[Saved entries]
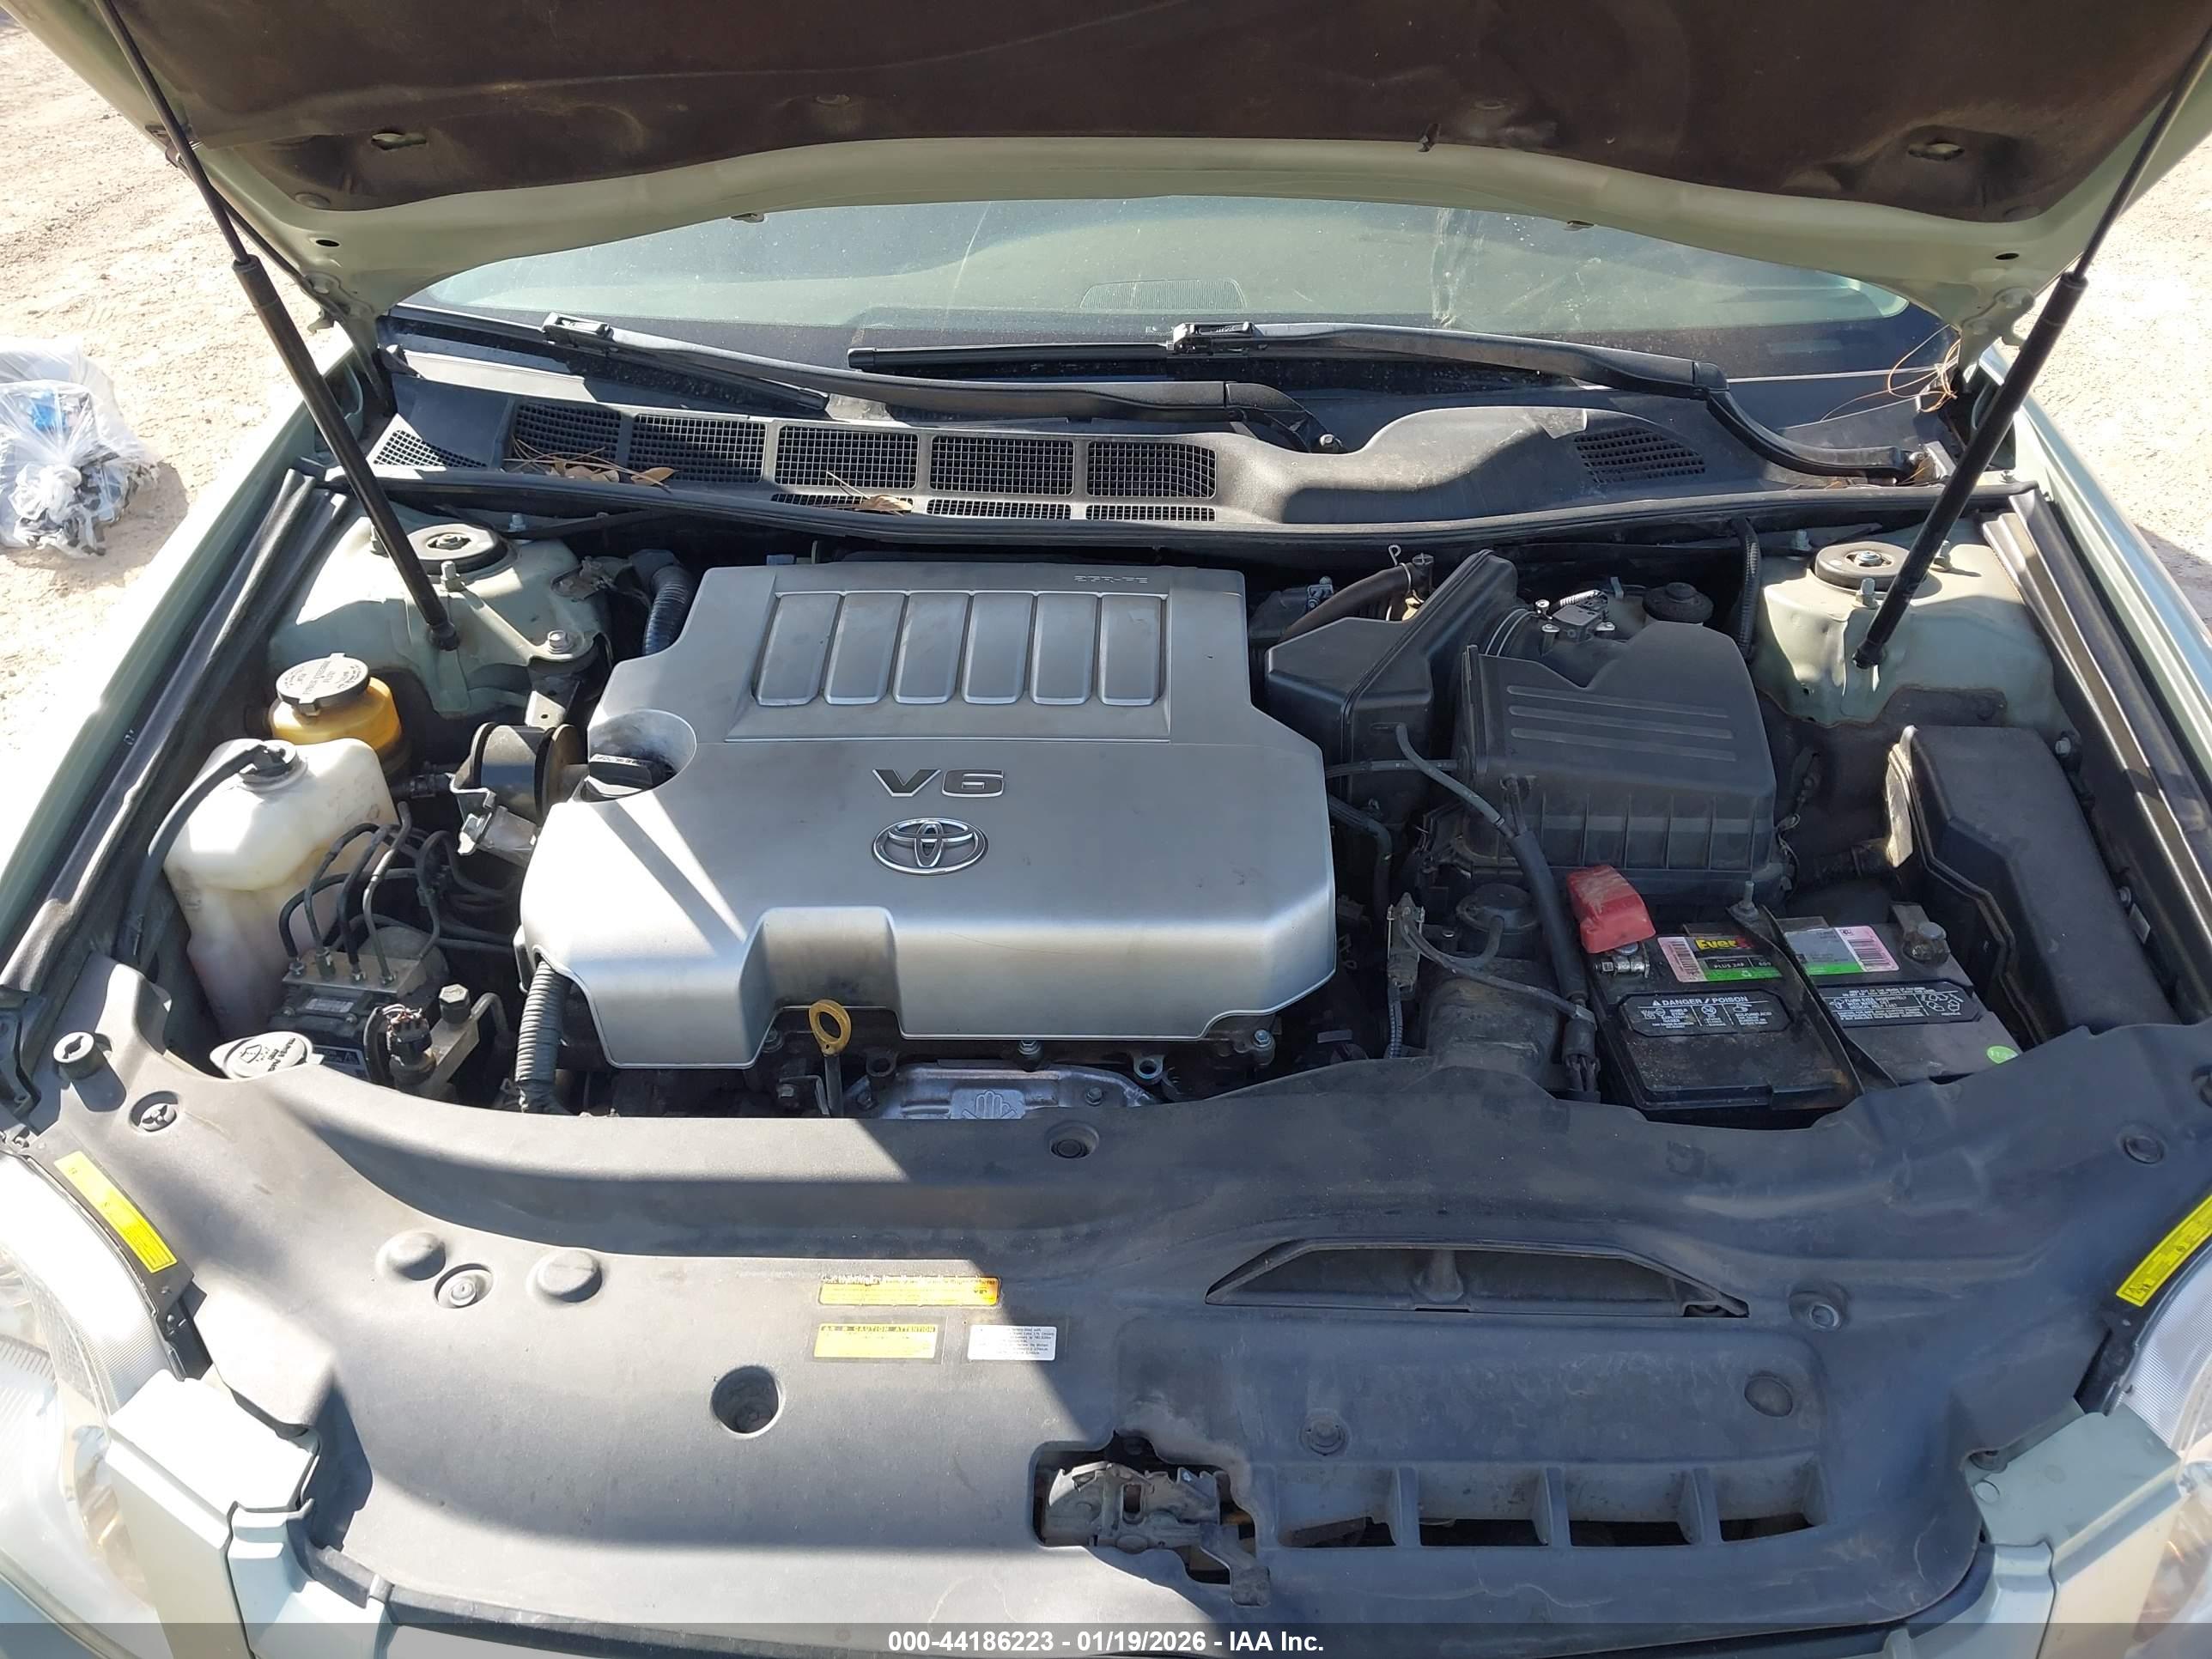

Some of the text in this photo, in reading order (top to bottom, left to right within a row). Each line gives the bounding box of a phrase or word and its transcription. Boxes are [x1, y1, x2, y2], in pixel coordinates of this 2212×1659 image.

[872, 769, 1004, 798] V6
[1662, 998, 1702, 1006] DANGER
[1712, 995, 1749, 1004] POISON
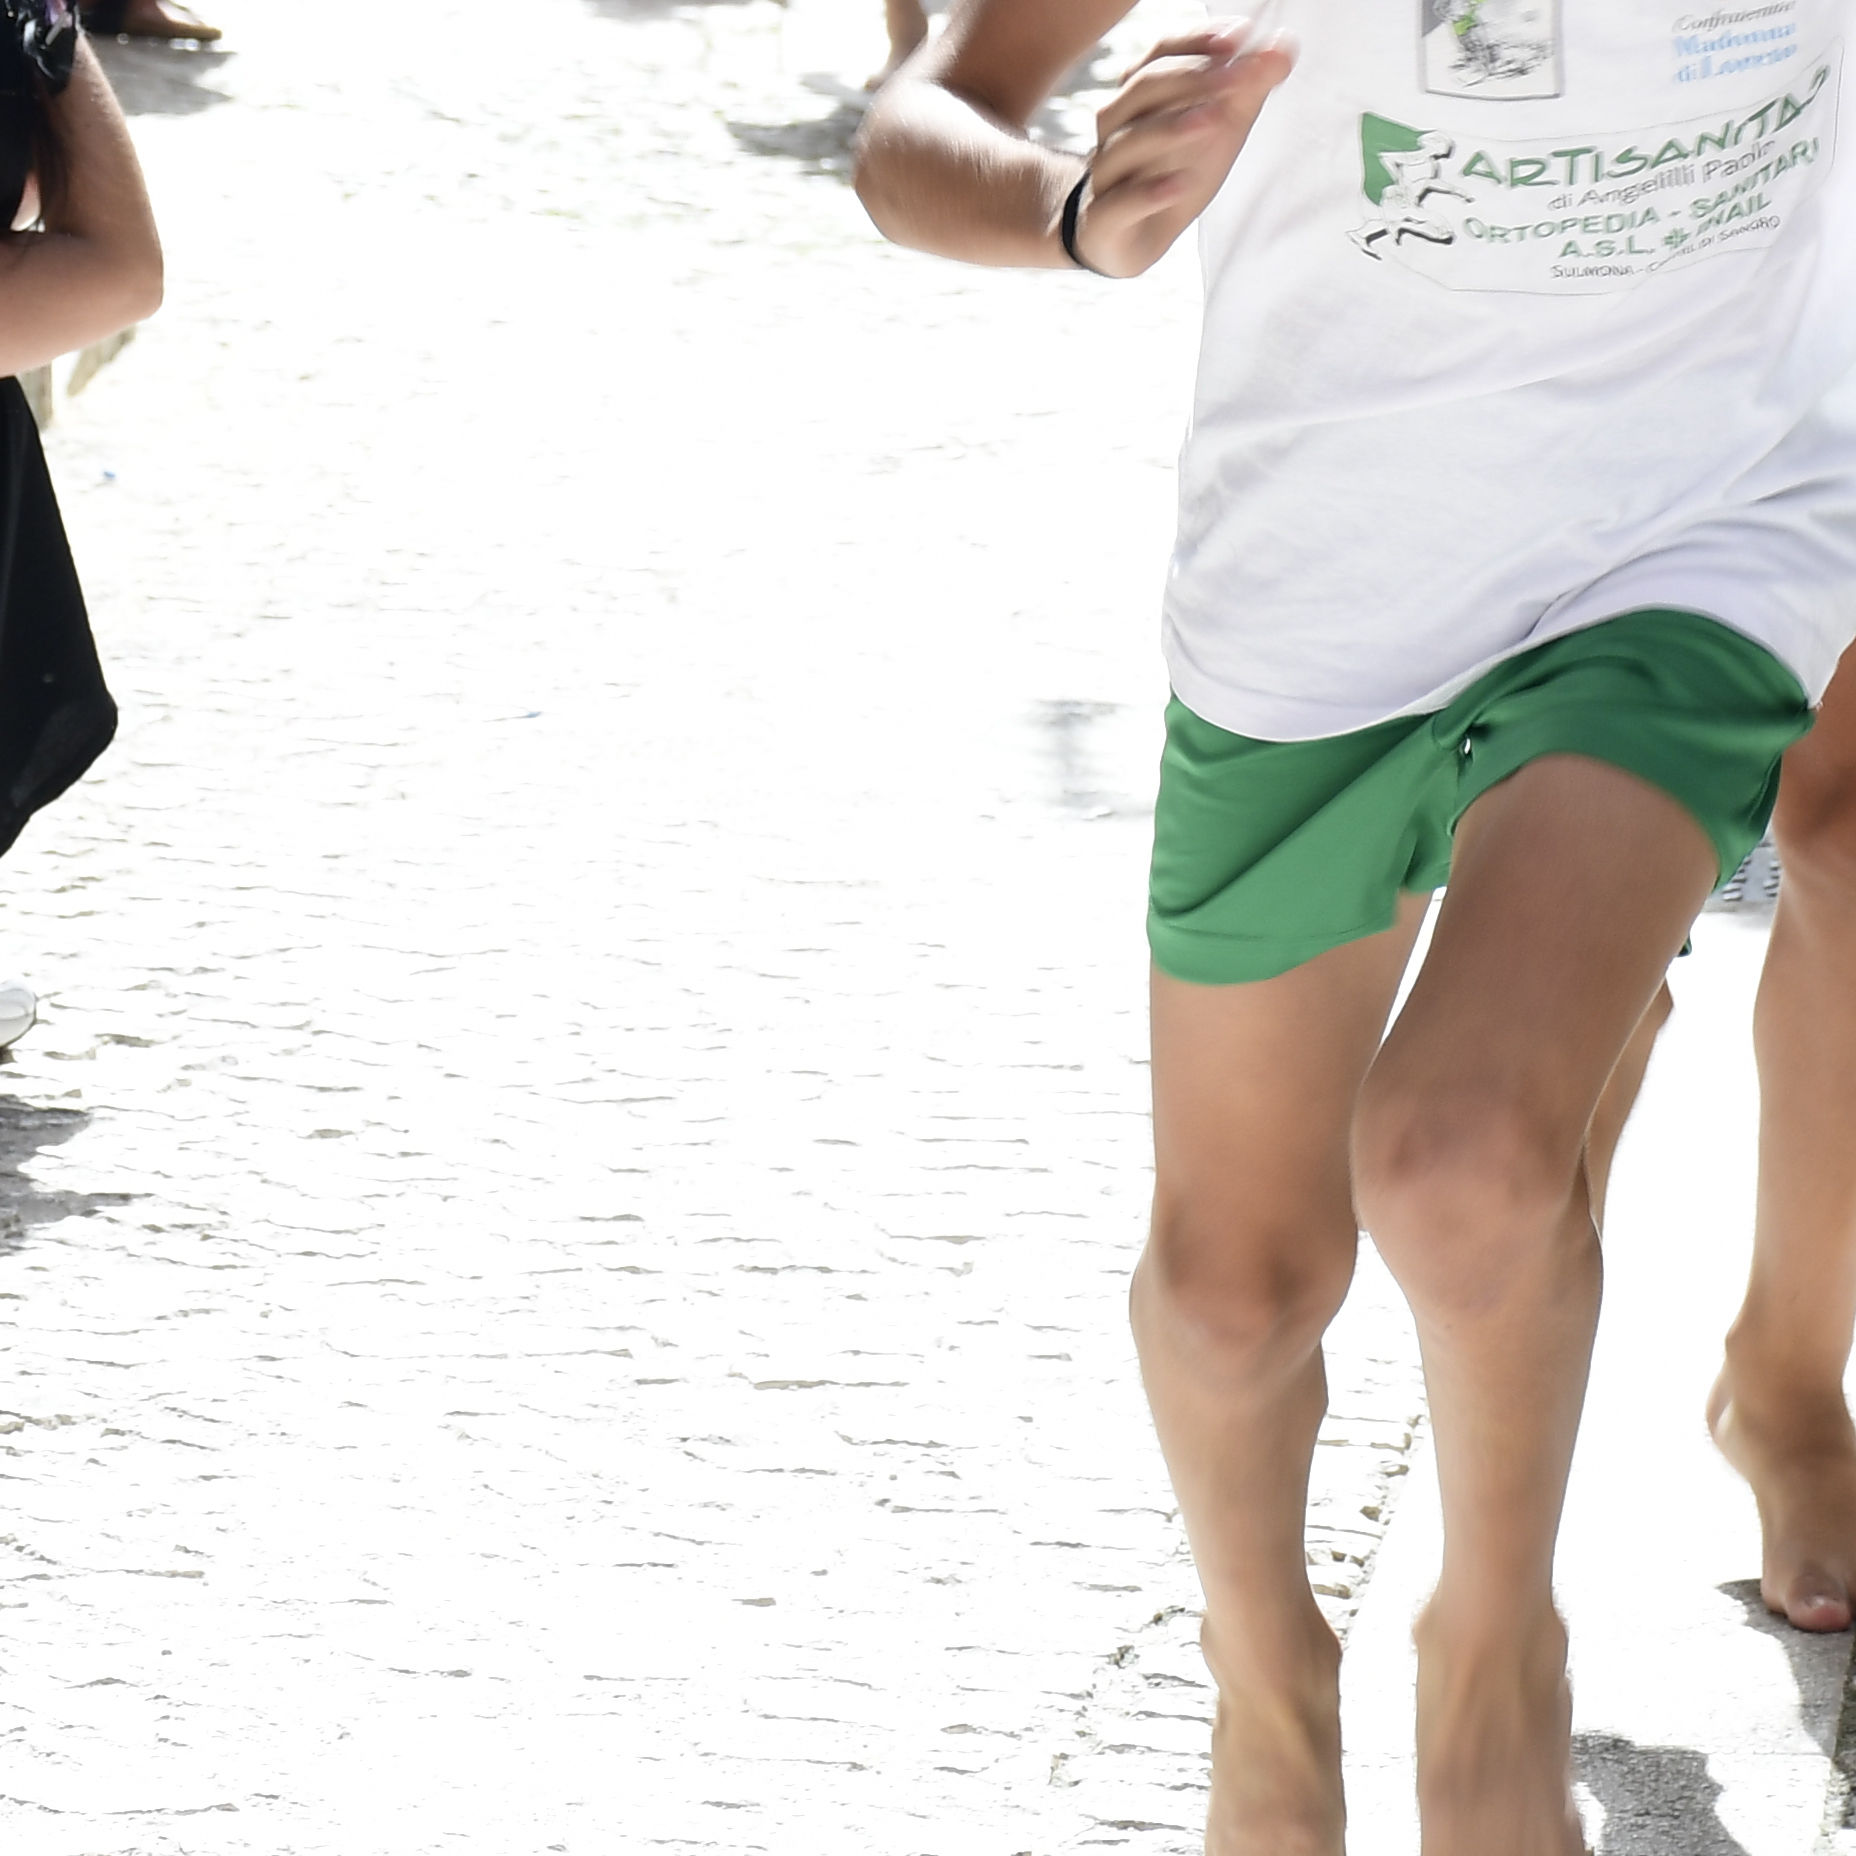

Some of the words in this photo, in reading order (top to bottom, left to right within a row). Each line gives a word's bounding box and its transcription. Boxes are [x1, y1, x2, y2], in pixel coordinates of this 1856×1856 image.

[1463, 206, 1662, 244] ORTOPEDIA
[1689, 136, 1821, 219] SANITARI
[1547, 194, 1574, 211] di

**Prompt:** When you repeat the records, reproduce each line exactly and drop the images.

**Response area:**
Some of the text in this photo, in reading order (top to bottom, left to right within a row). Each line gives the bounding box of a phrase or word and its transcription. Boxes are [x1, y1, x2, y2], in pixel coordinates of this 2212×1659 image.

[872, 769, 1004, 798] V6
[1662, 998, 1702, 1006] DANGER
[1712, 995, 1749, 1004] POISON

Some of the words in this photo, in reading order (top to bottom, left to right within a row). Each line gives a word's bounding box and its transcription. Boxes are [x1, y1, x2, y2], in pixel coordinates of this 1856×1856 image.

[1463, 206, 1662, 244] ORTOPEDIA
[1689, 136, 1821, 219] SANITARI
[1547, 194, 1574, 211] di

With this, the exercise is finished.